Perché credo che, ognuno debba sentirsi privato di un diritto,
se un altro essere umano come te non ha gli stessi diritti che hai
tu. Cioè, se qualcuno che prova gli stessi sentimenti che
provi tu, se sei donna innamorandoti di un uomo, o se sei uomo
innamorandoti di una donna. Se gli stessi sentimenti li prova un uomo
verso un uomo o una donna verso una donna è giusto parlare di
rapporti omoaffettivi, perché non esiste solo il sesso, siamo
coppie come tutte le altre, banalmente, noiosamente uguali a tutti
gli altri. Abbiamo fame, abbiamo freddo e proviamo dei sentimenti. E
io credo che questi sentimenti debbano essere riconosciuti con un
istituto giuridico al pari, perché altrimenti è una
discriminazione. Anche io potrei fregarmene. Si è vero sono
trans, però non ho un compagno in questo momento, per cui
potrei dire non è una cosa che mi riguarda, tanto non ho un
compagno con cui regolare. E invece no, io questa cosa la sento mia
propria, perché sento che è una lacuna enorme in questo
paese, in cui, a una coppia formata da persone dello stesso sesso non
viene riconosciuto un istituto giuridico, un riconoscimento giuridico
che le tuteli, nei diritti e nei doveri.
Quali
sono i fattori che non consentono di andare oltre i pregiudizi?
Perché secondo te non si approvano queste leggi?
Io
credo fondamentalmente alla Rousseau, che l’animo umano sia
profondamente un animo buono. Credo però che ci siano delle
persone che fanno una sorta di terrorismo culturale e psicologico.

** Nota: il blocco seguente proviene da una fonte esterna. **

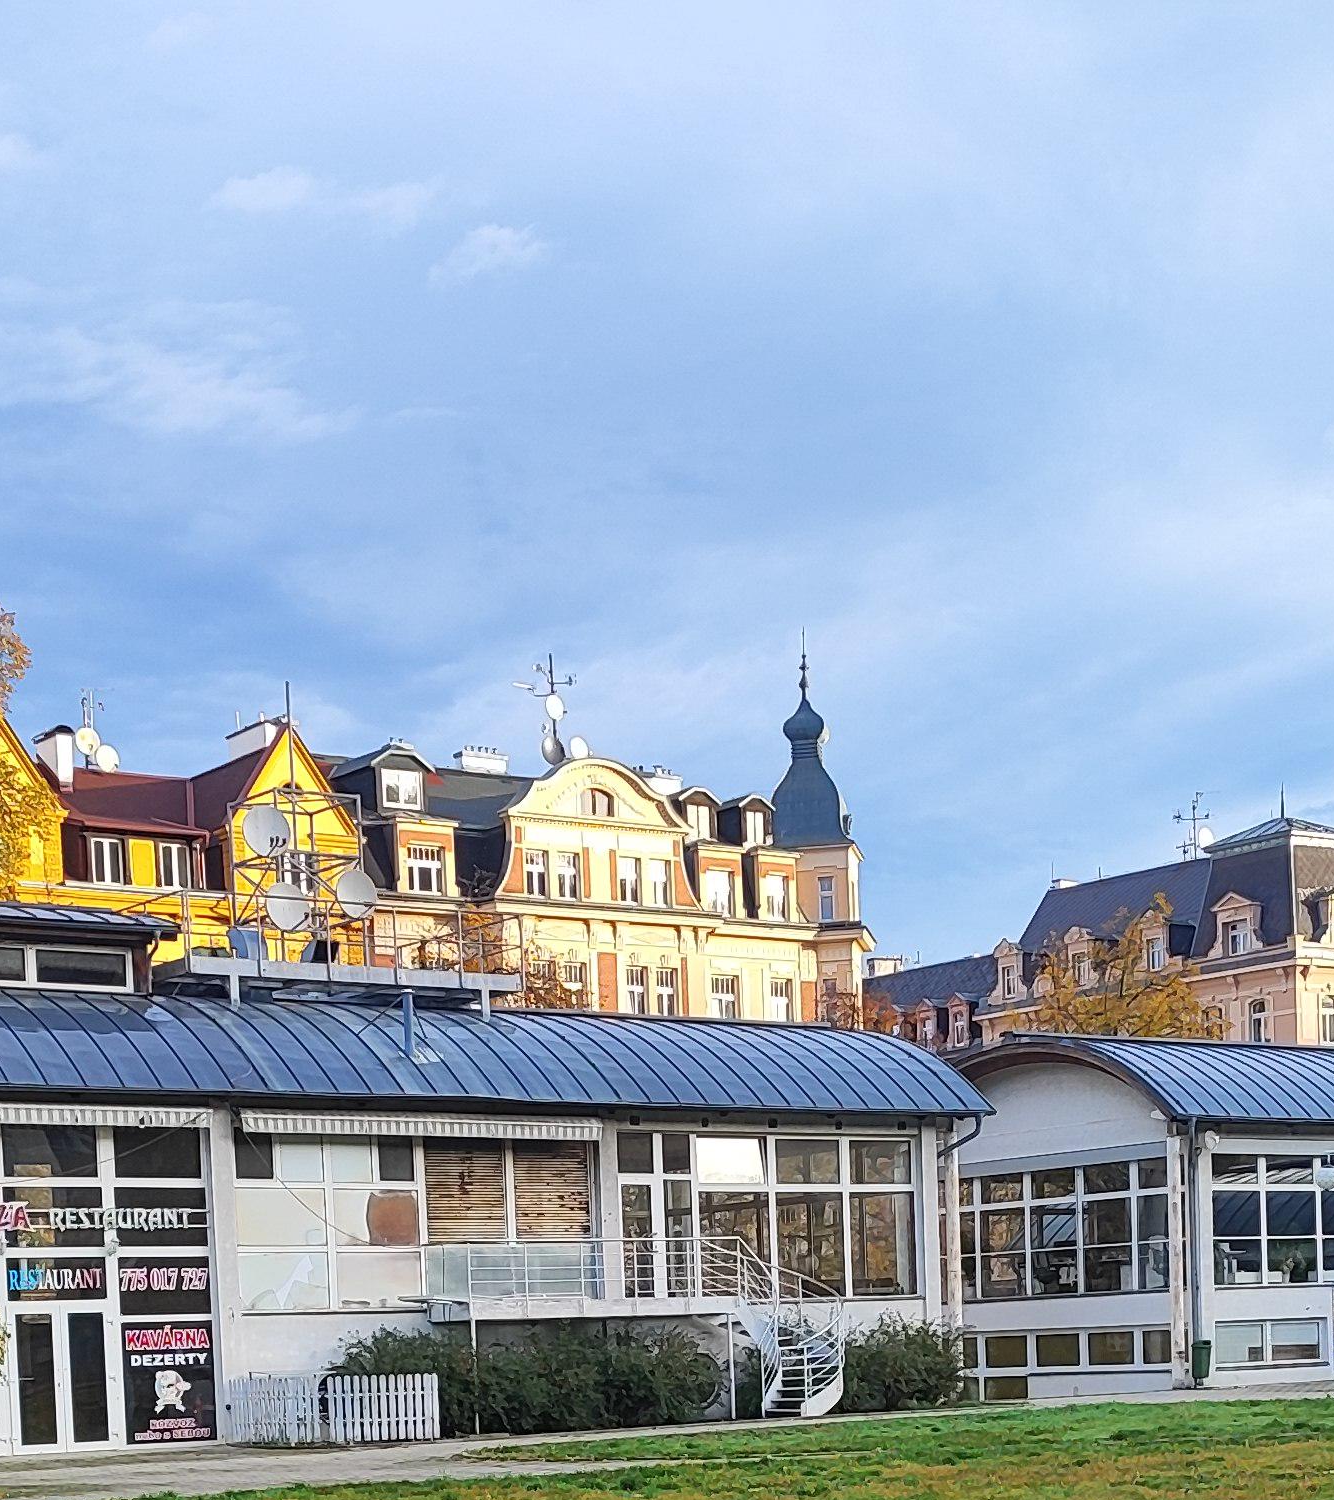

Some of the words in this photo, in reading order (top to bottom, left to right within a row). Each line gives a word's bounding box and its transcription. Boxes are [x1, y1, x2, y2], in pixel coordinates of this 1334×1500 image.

C’è tutta una classe politica che ha lasciato intendere
che se si concedono dei diritti a qualcuno si tolgono dei diritti a
chi già ce li ha . Un po’ come quando c’era il
movimento degli afroamericani negli Stati Uniti, qualcuno diceva che
se si davano i diritti civili ai neri d’America, si sarebbe
tolto qualcosa ai bianchi d’America. Non è un caso che
Barack Obama, presidente nero degli Stati Uniti d’America,
conoscendo cosa significa essere discriminato per una condizione
naturale, come la pelle, oggi sia stato uno dei più grandi
fautori del matrimonio ugualitario, del matrimonio per tutti. Perché
ha capito, che nessuno più deve essere discriminato per una
qualità neutra come il colore della pelle, un credo religioso
oppure un orientamento sessuale. Poi ci sono delle persone che,
credono che certe proprie convinzioni religiose debbano impedire
agli altri di poter accedere ad alcuni istituti giuridici. Non
tutti però, io direi una minoranza, perché la
maggioranza dei cattolici, secondo me, oggi è più
avanti. Ma c’è una minoranza integralista che anche
nella religione cattolica pensa: se io sono contro l’aborto
nessuna deve abortire, se io sono contro l’affettività
gay, nessuno debba potersi sposare, se io sono contro il preservativo
nessuno debba usare il preservativo. Purtroppo c’è
questa fetta di integralismo religioso.
Vladimir
è credente?
Lo
sono diventata ultimamente, con tutte ovviamente le mie battaglie
interne. Io sono cresciuta profondamente cattolica, addirittura
insegnavo catechismo nella mia parrocchia di origine, che era la
parrocchia di Santo Stefano a Foggia. Quando parlai , mi aprii con il
mio sacerdote dicendo che mi sentivo donna e che volevo adeguare
anche il mio corpo, il mio abbigliamento a questa mia esigenza
interiore o alla mia anima se vogliamo usare un termine più
cristiano, mi è stato detto chiaramente che se io diventavo
trans avrei dovuto lasciare la chiesa. Per un periodo ho represso
questa mia natura e mi travestivo da uomo, fingevo a me stessa e agli
altri pur di continuare a nutrire questa mia fede religiosa. Ad un
certo punto mi è stato insopportabile nascondermi e quindi ho
dovuto abbandonare la chiesa. Per tanti anni ho pensato che quelle
come me, non avessero diritto alla fede, dovessero essere allontanate
da qualsiasi fede religiosa. Poi ho abbracciato la fede buddista per
diversi anni che mi ha molto sollevata, mi ha molto aiutata.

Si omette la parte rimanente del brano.